With respect to a human-rights immigration regime, EU countries (with some deficiencies) today are a positive exception in a world of exploitation, commodification of human beings, human rights abuse and the construction of walls and fences. In spite of all difficulties, deficiencies, and pockets of unlawful treatment, the EU countries basically uphold the principle of equal treatment of immigrants and indigenous people in the economy and in the welfare systems, and the possibility to naturalize and become full and equal citizens. The construction of the EU as an open space combining 27 nations of different character, tradition, political style, and affluence is a singular achievement.

All the nationals of the member countries enjoy equality and equal rights, and they are protected by a powerful European Court which also deals with third country nationals, particularly under the association agreements. Without civil society, however, the courts would not help. Public opinion has again and again spoken out against misuse and ill-treatment. Even if the immigration regimes differ widely in the EU, between the orderly planned Scandinavian welfare state (Hammar 2003) and the informal mechanisms in the Mediterranean countries (Sciortino 2004), time and again corrected by amnesties, a rather high level of inclusion and rights are assured.

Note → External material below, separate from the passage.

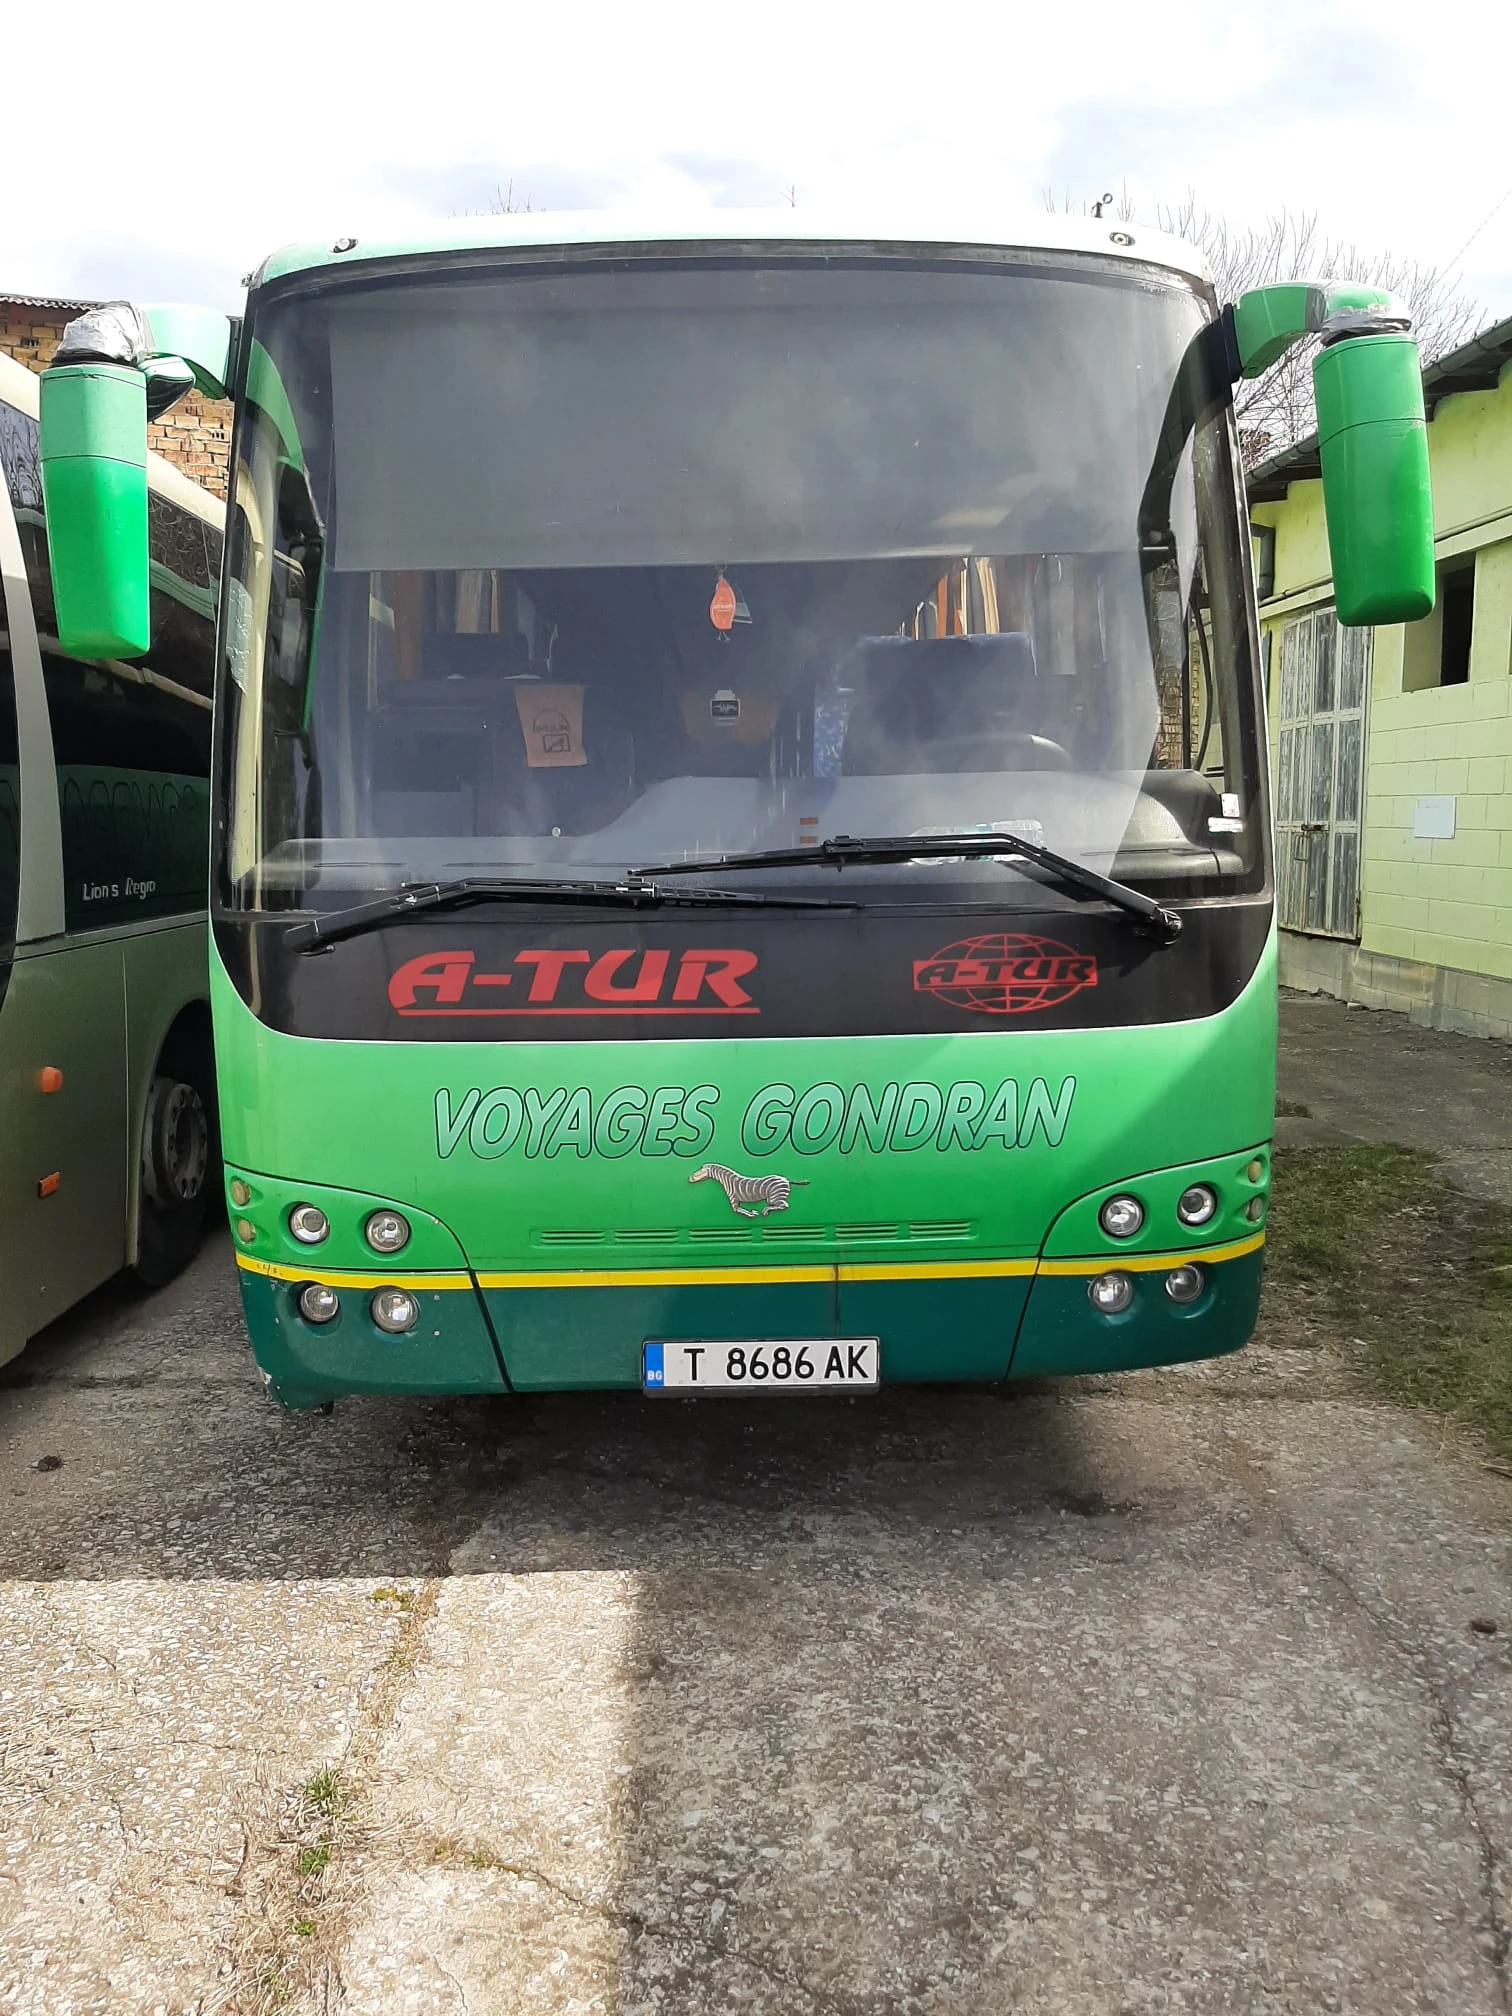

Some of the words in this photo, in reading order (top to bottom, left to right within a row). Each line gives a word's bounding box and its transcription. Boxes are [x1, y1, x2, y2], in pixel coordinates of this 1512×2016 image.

Exploitation and misuse are scandalized, nationally and EU-wide. If the European Union wants a stable migration regime in Russia, too, it must work on creating conditions of openness, rights, and an atmosphere of decency and equality there too. The judicial basis largely exists, as Russia is a member of the Council of Europe and has signed most of the European human rights conventions. Russia is prone to sanctions of the European Court of Human Rights as well as other European countries. What is missing, and needs to be developed, is the strengthening of the rule of law and an atmosphere of decency and equality for migrants and foreigners as well as citizens. The opening of the borders and the reality of a greater open European space is the easiest and best precondition to achieve that, without endangering Russian statehood.

After the chaotic Yelzin years, and the reconstruction of a dominant state in Russia, there seems to be a longing for the rule of law and consolidation, as long as stability is preserved (Remington 2008, 215). Moreover, the legitimate Russian need and interest for a more orderly immigration administration, registration and integration policy can be coordinated with the needs and wishes of the EU.